Free Software Genetic Unix: FreeBSD, OpenBSD, NetBSD, OpenSolaris, etc.


----------



## dennylin93 (Oct 25, 2009)

There are some Unix OSes like Solairs, AIX, and HP-UX.


----------



## Diablotin (Oct 25, 2009)

Thank you interesting reply ! !


----------



## graudeejs (Oct 25, 2009)

MacOsX is Unix


----------



## Zare (Oct 25, 2009)

UNIX(TM) systems are those systems that have necessary certification from the Open Group.

Linux, Minix, and others are Unix-like systems that were designed to emulate the behaviour of UNIX(TM) systems.

On the other hand, freeBSD, netBSD, openBSD, Darwin and OpenSolaris are Unix-based systems, because they descended from original BSD UNIX. 
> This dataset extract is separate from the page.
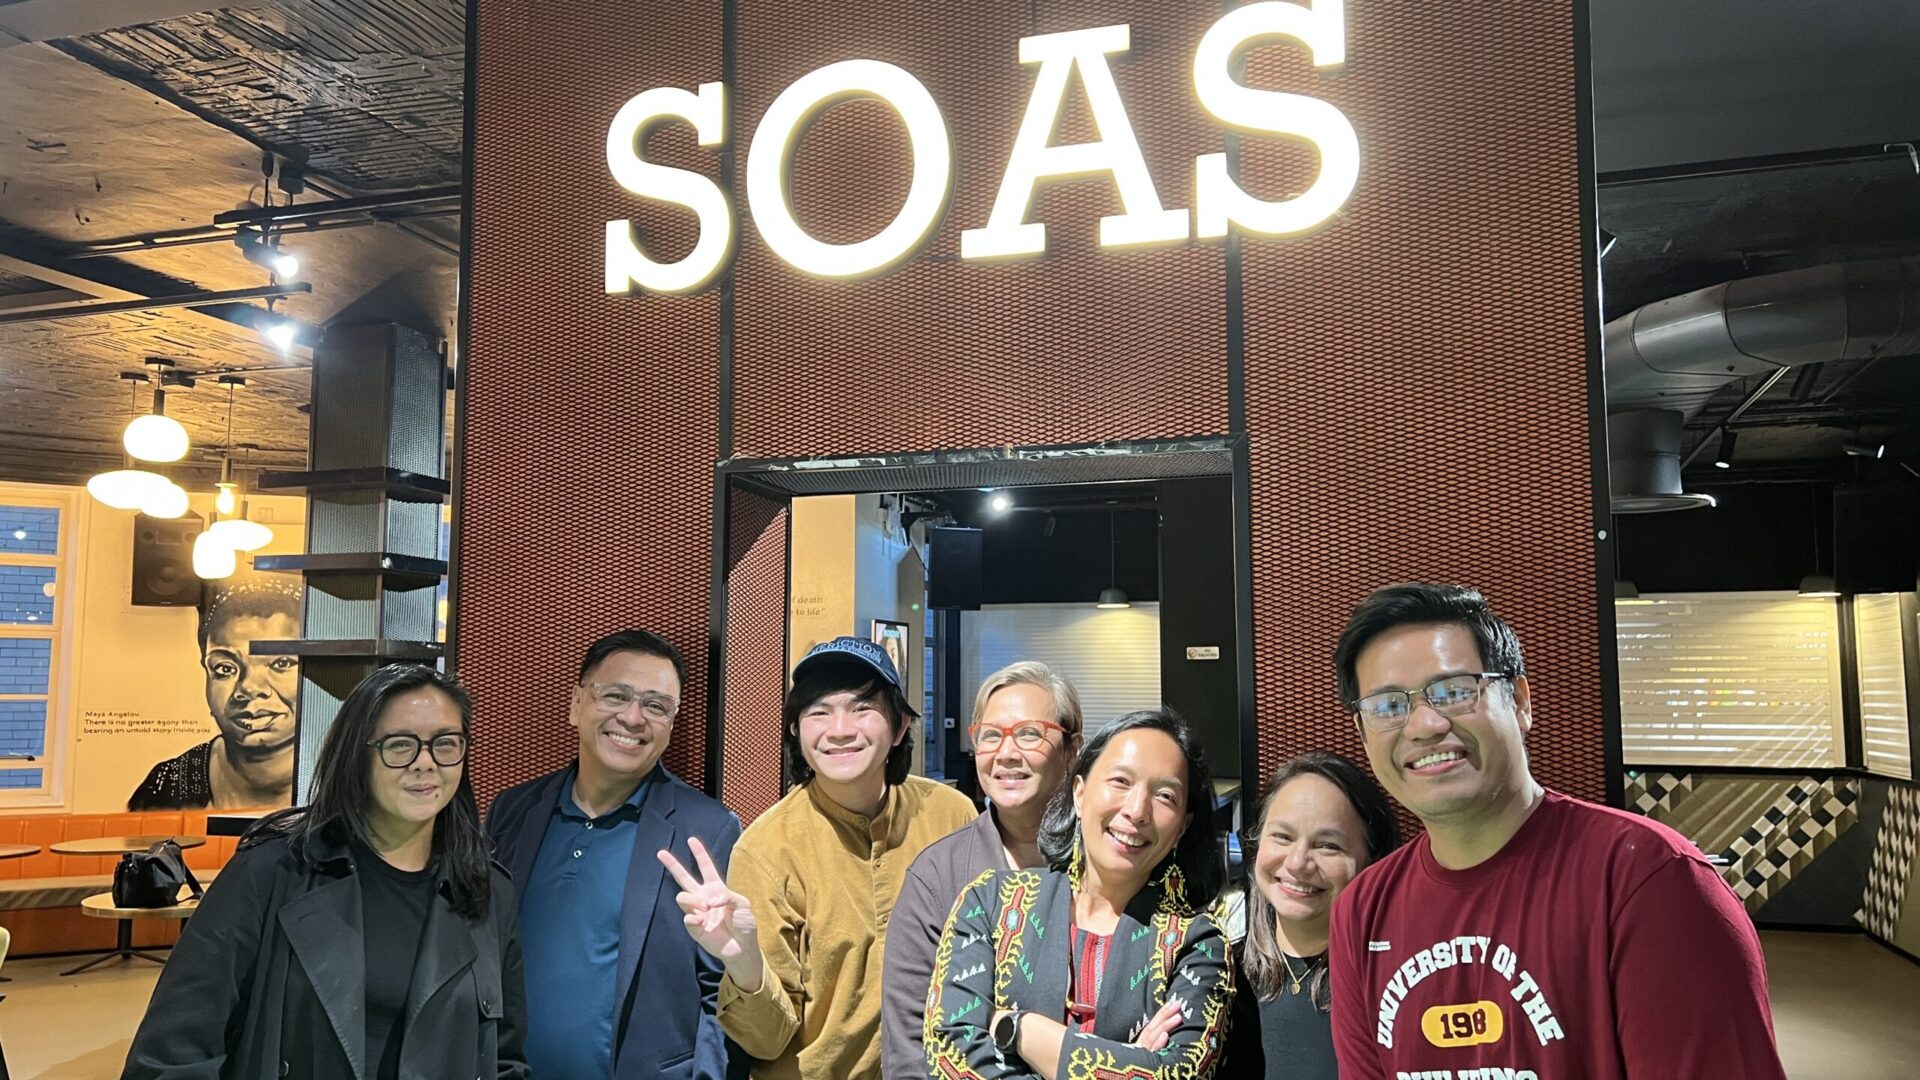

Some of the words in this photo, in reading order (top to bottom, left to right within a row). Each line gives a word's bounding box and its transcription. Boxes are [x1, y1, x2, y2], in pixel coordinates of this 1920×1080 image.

If you take a look on http://www.freebsd.org, you'll see a large label saying "Based on BSD UNIX(TM)". Therefore, there is a difference between Unix-like and Unix-based systems, and UNIX(TM) systems.


----------



## SirDice (Oct 26, 2009)

It's always fun to point at this:

http://www.freebsd.org/cgi/cvsweb.c...ree?rev=1.130.2.1.2.1;content-type=text/plain

As for (Open)Solaris, Sun ditched BSD in favor of System V Release 4 with the release of SunOS 5 aka Solaris 2. AIX and HP-UX are also based on Sytem V.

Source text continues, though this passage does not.